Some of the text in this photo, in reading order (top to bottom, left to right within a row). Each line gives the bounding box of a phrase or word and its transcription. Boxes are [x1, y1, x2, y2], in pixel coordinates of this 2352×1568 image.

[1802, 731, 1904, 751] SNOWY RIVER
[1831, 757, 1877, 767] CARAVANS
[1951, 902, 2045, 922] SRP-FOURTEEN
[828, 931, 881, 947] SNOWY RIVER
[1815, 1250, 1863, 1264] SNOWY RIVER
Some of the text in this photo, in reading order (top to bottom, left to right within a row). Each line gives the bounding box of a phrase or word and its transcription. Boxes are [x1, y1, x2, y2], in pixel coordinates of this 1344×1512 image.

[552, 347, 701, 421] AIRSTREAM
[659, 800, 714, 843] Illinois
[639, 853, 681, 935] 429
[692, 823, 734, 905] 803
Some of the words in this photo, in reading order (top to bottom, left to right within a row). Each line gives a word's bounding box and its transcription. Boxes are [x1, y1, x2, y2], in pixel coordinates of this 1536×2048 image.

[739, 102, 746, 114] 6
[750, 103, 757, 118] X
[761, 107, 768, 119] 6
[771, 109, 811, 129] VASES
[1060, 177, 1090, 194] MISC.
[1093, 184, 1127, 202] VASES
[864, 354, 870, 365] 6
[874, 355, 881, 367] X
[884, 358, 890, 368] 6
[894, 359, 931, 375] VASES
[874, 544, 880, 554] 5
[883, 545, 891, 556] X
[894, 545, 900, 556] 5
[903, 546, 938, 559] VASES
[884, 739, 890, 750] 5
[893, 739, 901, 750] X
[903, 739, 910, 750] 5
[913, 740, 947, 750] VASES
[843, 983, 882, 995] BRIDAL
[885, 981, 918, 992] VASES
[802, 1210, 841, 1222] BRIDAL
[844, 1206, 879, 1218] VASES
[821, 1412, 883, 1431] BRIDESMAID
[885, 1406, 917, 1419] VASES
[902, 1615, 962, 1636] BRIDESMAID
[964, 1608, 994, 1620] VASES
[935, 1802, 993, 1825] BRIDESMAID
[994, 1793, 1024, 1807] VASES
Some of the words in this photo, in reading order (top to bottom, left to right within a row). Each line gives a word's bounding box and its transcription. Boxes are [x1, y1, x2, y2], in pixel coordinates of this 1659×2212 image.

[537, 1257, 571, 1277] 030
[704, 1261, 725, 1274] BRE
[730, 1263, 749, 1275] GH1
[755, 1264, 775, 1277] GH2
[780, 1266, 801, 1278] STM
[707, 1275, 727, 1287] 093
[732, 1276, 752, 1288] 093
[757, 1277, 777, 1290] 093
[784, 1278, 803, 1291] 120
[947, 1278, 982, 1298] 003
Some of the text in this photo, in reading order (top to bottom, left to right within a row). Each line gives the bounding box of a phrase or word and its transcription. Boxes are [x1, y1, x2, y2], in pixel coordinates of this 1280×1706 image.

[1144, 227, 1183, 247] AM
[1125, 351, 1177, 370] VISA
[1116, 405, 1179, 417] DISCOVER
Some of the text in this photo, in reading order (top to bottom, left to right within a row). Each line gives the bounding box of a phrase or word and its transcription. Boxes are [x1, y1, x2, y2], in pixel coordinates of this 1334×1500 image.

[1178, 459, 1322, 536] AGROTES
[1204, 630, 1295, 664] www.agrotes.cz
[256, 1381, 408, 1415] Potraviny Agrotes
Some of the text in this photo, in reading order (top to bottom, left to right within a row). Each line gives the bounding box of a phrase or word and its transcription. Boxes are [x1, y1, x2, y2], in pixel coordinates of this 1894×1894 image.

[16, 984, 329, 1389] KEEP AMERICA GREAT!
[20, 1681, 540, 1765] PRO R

----------------------------------------

WHAT TO DO |
Print the whole listing exactly as it is.

ANSWER TO THIS PROBLEM |
Some of the text in this photo, in reading order (top to bottom, left to right within a row). Each line gives the bounding box of a phrase or word and its transcription. Boxes are [x1, y1, x2, y2], in pixel coordinates of this 2352×1568 image.

[1802, 731, 1904, 751] SNOWY RIVER
[1831, 757, 1877, 767] CARAVANS
[1951, 902, 2045, 922] SRP-FOURTEEN
[828, 931, 881, 947] SNOWY RIVER
[1815, 1250, 1863, 1264] SNOWY RIVER
Some of the text in this photo, in reading order (top to bottom, left to right within a row). Each line gives the bounding box of a phrase or word and its transcription. Boxes are [x1, y1, x2, y2], in pixel coordinates of this 1344×1512 image.

[552, 347, 701, 421] AIRSTREAM
[659, 800, 714, 843] Illinois
[639, 853, 681, 935] 429
[692, 823, 734, 905] 803
Some of the words in this photo, in reading order (top to bottom, left to right within a row). Each line gives a word's bounding box and its transcription. Boxes are [x1, y1, x2, y2], in pixel coordinates of this 1536×2048 image.

[739, 102, 746, 114] 6
[750, 103, 757, 118] X
[761, 107, 768, 119] 6
[771, 109, 811, 129] VASES
[1060, 177, 1090, 194] MISC.
[1093, 184, 1127, 202] VASES
[864, 354, 870, 365] 6
[874, 355, 881, 367] X
[884, 358, 890, 368] 6
[894, 359, 931, 375] VASES
[874, 544, 880, 554] 5
[883, 545, 891, 556] X
[894, 545, 900, 556] 5
[903, 546, 938, 559] VASES
[884, 739, 890, 750] 5
[893, 739, 901, 750] X
[903, 739, 910, 750] 5
[913, 740, 947, 750] VASES
[843, 983, 882, 995] BRIDAL
[885, 981, 918, 992] VASES
[802, 1210, 841, 1222] BRIDAL
[844, 1206, 879, 1218] VASES
[821, 1412, 883, 1431] BRIDESMAID
[885, 1406, 917, 1419] VASES
[902, 1615, 962, 1636] BRIDESMAID
[964, 1608, 994, 1620] VASES
[935, 1802, 993, 1825] BRIDESMAID
[994, 1793, 1024, 1807] VASES
Some of the words in this photo, in reading order (top to bottom, left to right within a row). Each line gives a word's bounding box and its transcription. Boxes are [x1, y1, x2, y2], in pixel coordinates of this 1659×2212 image.

[537, 1257, 571, 1277] 030
[704, 1261, 725, 1274] BRE
[730, 1263, 749, 1275] GH1
[755, 1264, 775, 1277] GH2
[780, 1266, 801, 1278] STM
[707, 1275, 727, 1287] 093
[732, 1276, 752, 1288] 093
[757, 1277, 777, 1290] 093
[784, 1278, 803, 1291] 120
[947, 1278, 982, 1298] 003
Some of the text in this photo, in reading order (top to bottom, left to right within a row). Each line gives the bounding box of a phrase or word and its transcription. Boxes are [x1, y1, x2, y2], in pixel coordinates of this 1280×1706 image.

[1144, 227, 1183, 247] AM
[1125, 351, 1177, 370] VISA
[1116, 405, 1179, 417] DISCOVER
Some of the text in this photo, in reading order (top to bottom, left to right within a row). Each line gives the bounding box of a phrase or word and its transcription. Boxes are [x1, y1, x2, y2], in pixel coordinates of this 1334×1500 image.

[1178, 459, 1322, 536] AGROTES
[1204, 630, 1295, 664] www.agrotes.cz
[256, 1381, 408, 1415] Potraviny Agrotes
Some of the text in this photo, in reading order (top to bottom, left to right within a row). Each line gives the bounding box of a phrase or word and its transcription. Boxes are [x1, y1, x2, y2], in pixel coordinates of this 1894×1894 image.

[16, 984, 329, 1389] KEEP AMERICA GREAT!
[20, 1681, 540, 1765] PRO R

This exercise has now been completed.